Mrs. Dev said that she did not want to stand there and watch her throw her education away with her wild and carefree lifestyle.

“I brought her over here for a better life, I did not want to watch her throw her life away,” she said.

“She lied, she was angry at us, but she tried to retract that,” Mrs. Dev added.  She argued that the police’s job is to investigate the facts and decide who is lying and who is telling the truth, “but that didn’t happen here.  If you watch the video interview the first time this man speaks to her, she said, I would like to talk to my mom about this.  He replied ‘that won’t be good for the case.’ “

“He had already made it a case,” she added.

The DA, in their case, argued that Mr. Dev had raped his adopted daughter between 1999 and 2004.
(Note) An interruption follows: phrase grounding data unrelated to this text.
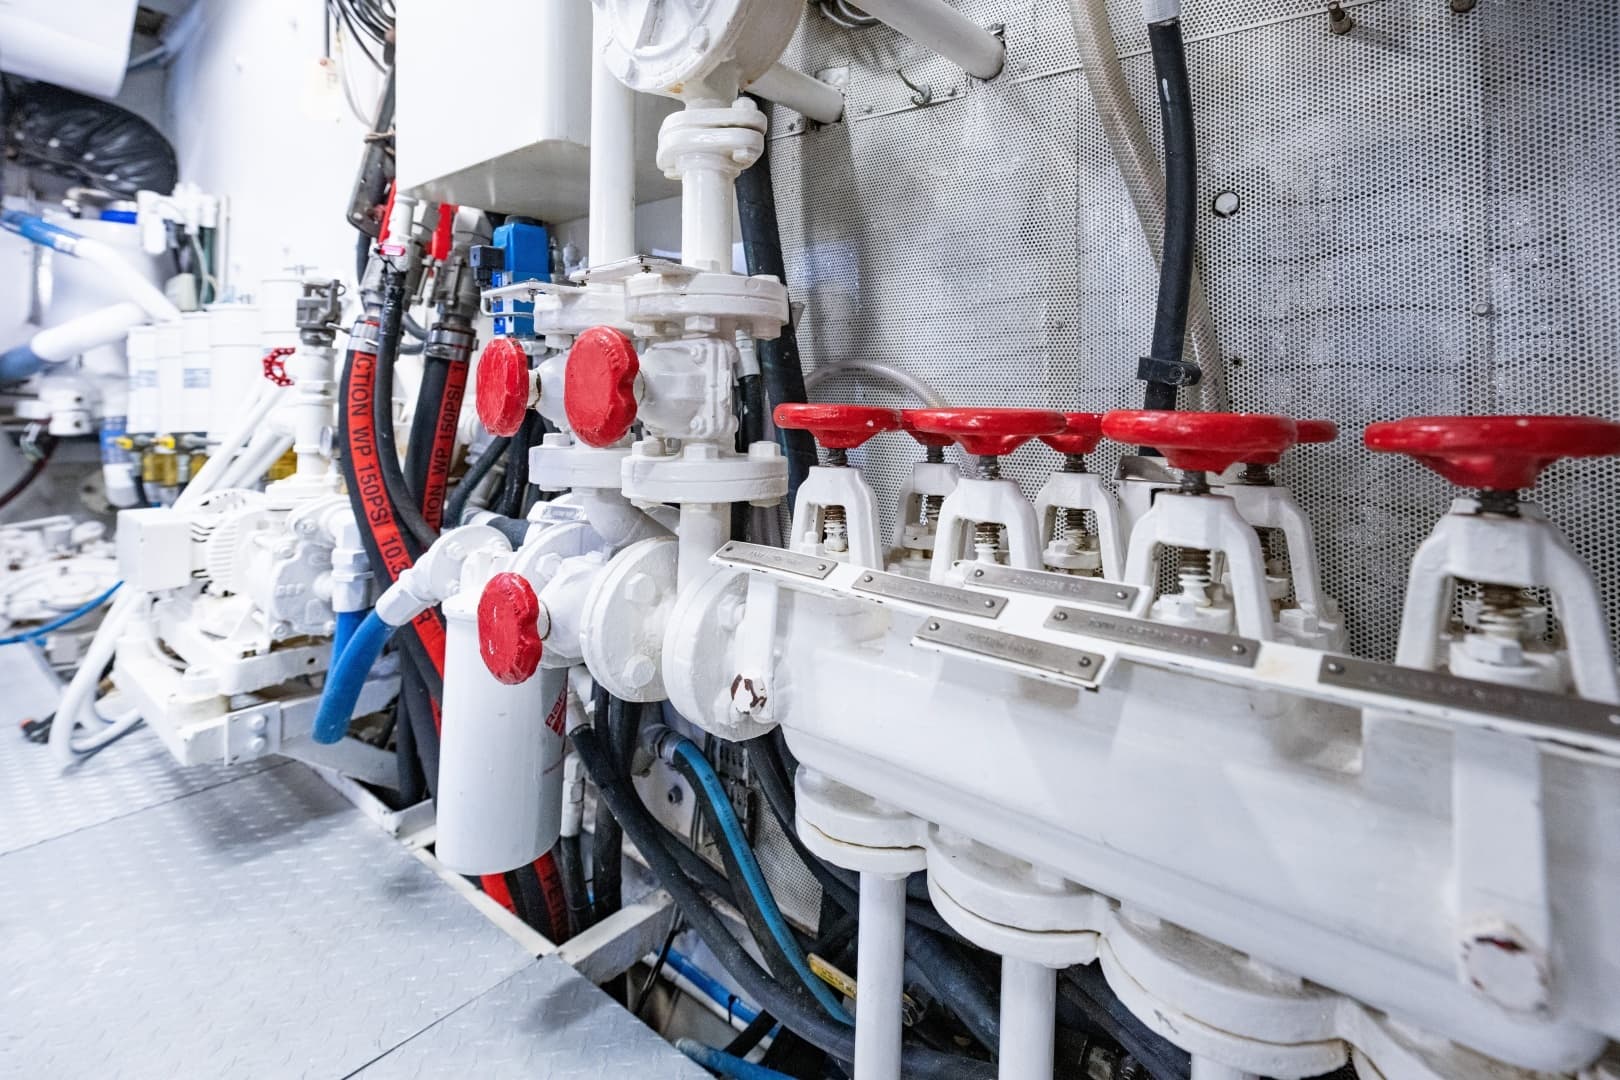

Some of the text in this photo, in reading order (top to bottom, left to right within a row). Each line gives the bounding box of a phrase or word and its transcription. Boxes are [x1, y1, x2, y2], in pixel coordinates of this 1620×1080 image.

[352, 355, 372, 416] CTION
[439, 384, 462, 441] 150PSI
[352, 425, 371, 456] WP
[432, 450, 449, 475] WP
[357, 463, 390, 527] 150PSI
[426, 485, 442, 526] TION
The victim had been officially adopted by Mr. Dev and his wife in December of 1999 and, according to the victim’s testimony, Mr. Dev began inappropriately touching her within the first couple of weeks of her arrival and later progressed to forced sexual assault and rape on a weekly basis.

The assaults, the DA alleges, continued after the victim turned 18 and was attending Sacramento City College but still lived in the Dev household. The victim moved out of the home in December of 2004, and the prosecution said Mr. Dev continued to try to sexually abuse the victim and even offered to pay her to do so. Mr. Dev threatened to get a gun and shoot himself and the victim if she didn’t allow him to continue to abuse her, which ultimately led to the victim reporting the situation to law enforcement.

The trial lasted for two months. After the jury deliberated for one week, Mr. Dev was convicted of 76 felony counts including 23 counts of forcible rape; 23 counts of forcible sexual assault; 27 counts of lewd acts with a minor; and 3 counts of attempting to dissuade a witness. The jury hung on three of the counts and returned not guilty verdicts on 13 others.

Critical to the evidence was Detective Mark Hermann of the Davis Police Department, who, while interviewing the victim, had her call the defendant on the phone. According to the DA’s account, “During the recorded phone call, the victim engaged him in a conversation about the abusive relationship and whether she should tell her school counselor that he, Mr. Dev, was the cause of her three abortions. What ensued was a conversation where Mr. Dev admitted the abuse and ultimately tried to talk the victim out of reporting it.”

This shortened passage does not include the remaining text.